--- Given records ---

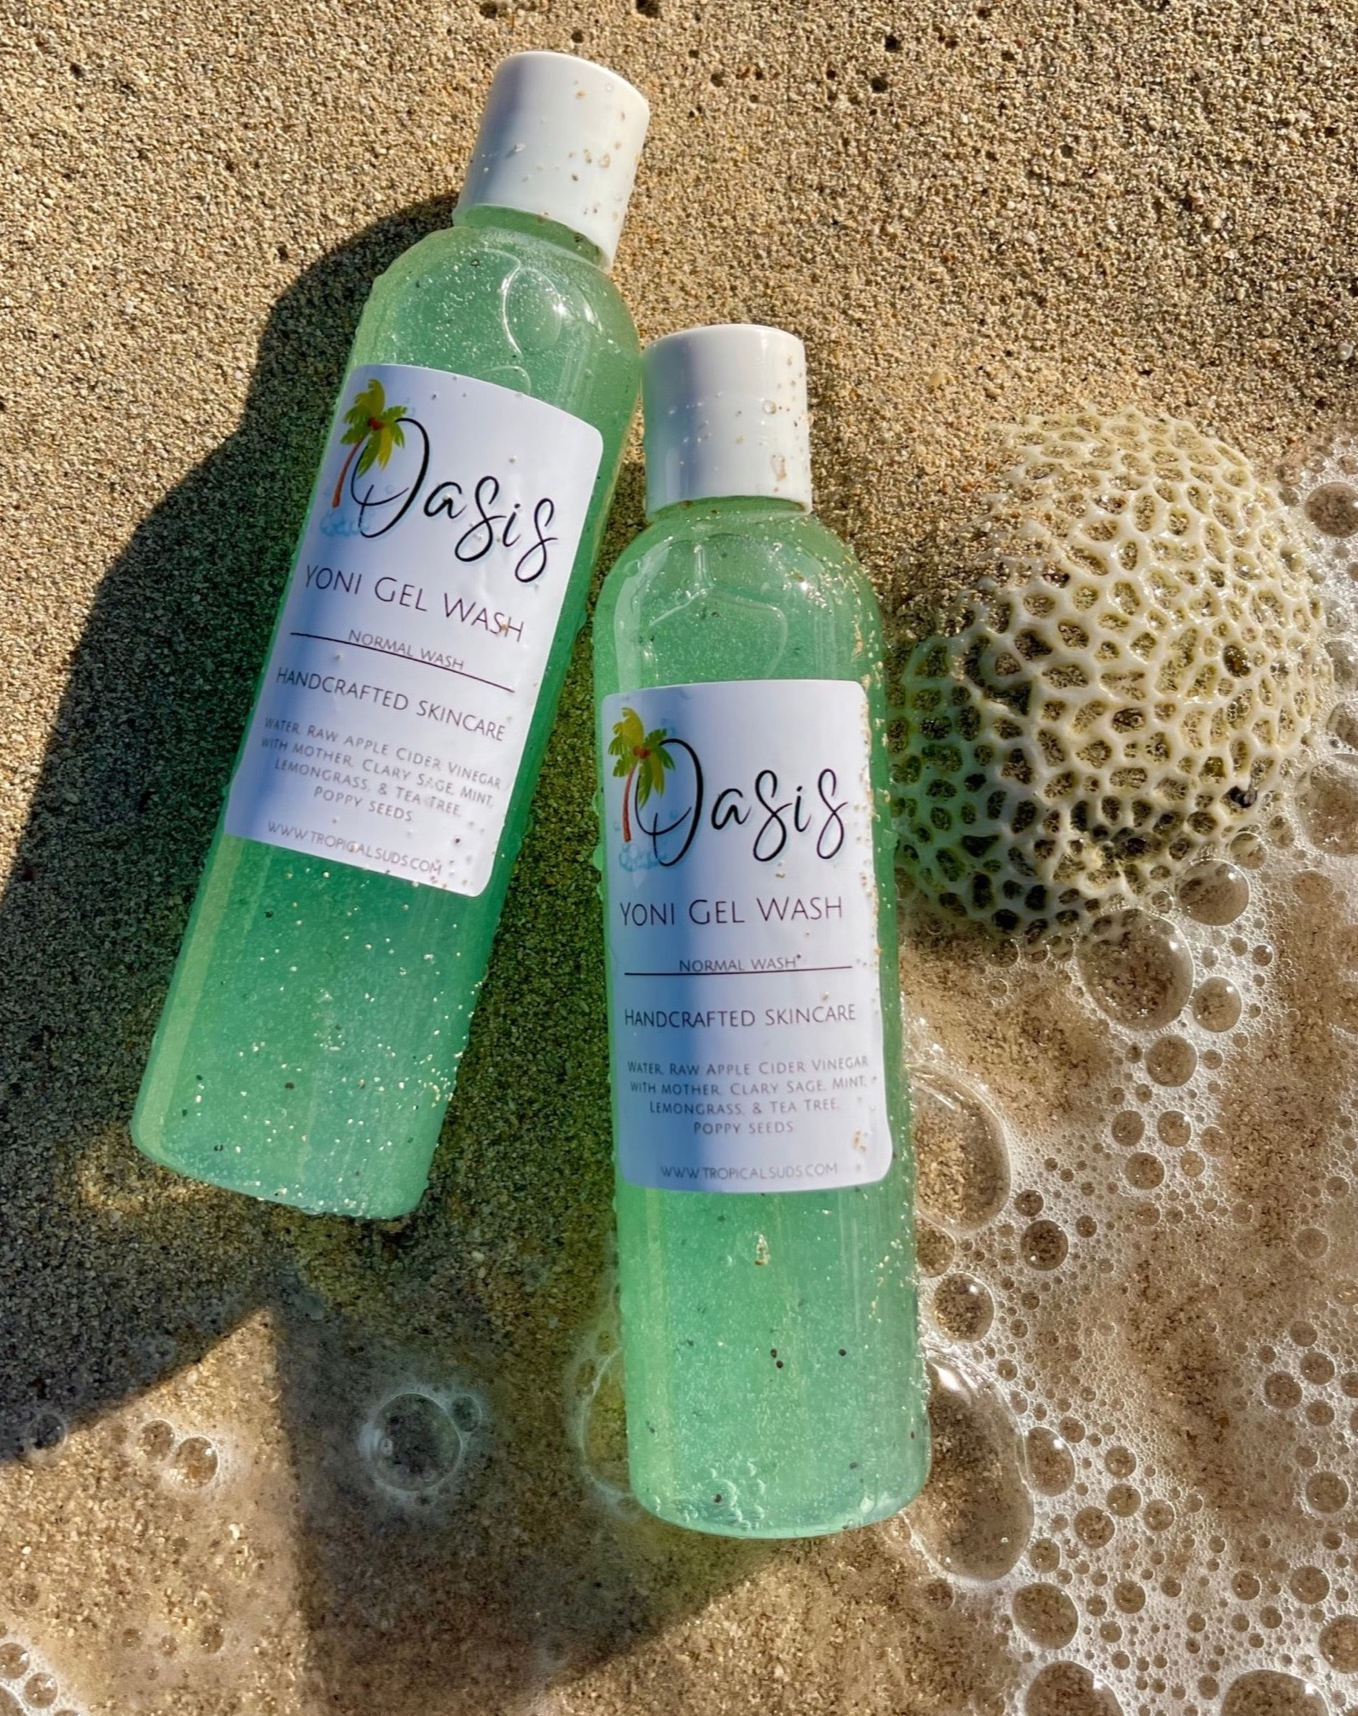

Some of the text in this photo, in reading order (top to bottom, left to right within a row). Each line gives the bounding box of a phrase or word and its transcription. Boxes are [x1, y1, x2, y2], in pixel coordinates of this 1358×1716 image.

[350, 417, 559, 583] Oasis
[304, 563, 526, 643] YONI GEL WASH
[347, 628, 465, 670] NORMAL WASH
[275, 667, 506, 742] HANDCRAFTED SKINCARE
[261, 738, 288, 752] WITH
[361, 758, 411, 781] CLARY
[306, 724, 339, 742] RAW
[343, 735, 389, 756] APPLE
[395, 747, 441, 771] CIDER
[447, 761, 502, 790] VINEGAR
[313, 785, 414, 822] POPPY SEEDS
[377, 782, 388, 795] &
[394, 785, 421, 804] TEA
[634, 738, 848, 867] Oasis
[620, 896, 843, 926] YONI GEL WASH
[679, 957, 797, 973] NORMAL WASH
[624, 1003, 856, 1028] HANDCRAFTED SKINCARE
[669, 1062, 700, 1076] RAW
[706, 1062, 751, 1076] APPLE
[758, 1060, 806, 1075] CIDER
[811, 1055, 869, 1071] VINEGAR
[630, 1081, 657, 1094] WITH
[729, 1082, 779, 1096] CLARY
[752, 1101, 763, 1115] &
[770, 1101, 798, 1114] TEA
[693, 1121, 795, 1136] POPPY SEEDS

---

_Work instruction_
Each of the entries above must be output exactly, with none of the pictures.

_Reply to the task_
Some of the text in this photo, in reading order (top to bottom, left to right within a row). Each line gives the bounding box of a phrase or word and its transcription. Boxes are [x1, y1, x2, y2], in pixel coordinates of this 1358×1716 image.

[350, 417, 559, 583] Oasis
[304, 563, 526, 643] YONI GEL WASH
[347, 628, 465, 670] NORMAL WASH
[275, 667, 506, 742] HANDCRAFTED SKINCARE
[261, 738, 288, 752] WITH
[361, 758, 411, 781] CLARY
[306, 724, 339, 742] RAW
[343, 735, 389, 756] APPLE
[395, 747, 441, 771] CIDER
[447, 761, 502, 790] VINEGAR
[313, 785, 414, 822] POPPY SEEDS
[377, 782, 388, 795] &
[394, 785, 421, 804] TEA
[634, 738, 848, 867] Oasis
[620, 896, 843, 926] YONI GEL WASH
[679, 957, 797, 973] NORMAL WASH
[624, 1003, 856, 1028] HANDCRAFTED SKINCARE
[669, 1062, 700, 1076] RAW
[706, 1062, 751, 1076] APPLE
[758, 1060, 806, 1075] CIDER
[811, 1055, 869, 1071] VINEGAR
[630, 1081, 657, 1094] WITH
[729, 1082, 779, 1096] CLARY
[752, 1101, 763, 1115] &
[770, 1101, 798, 1114] TEA
[693, 1121, 795, 1136] POPPY SEEDS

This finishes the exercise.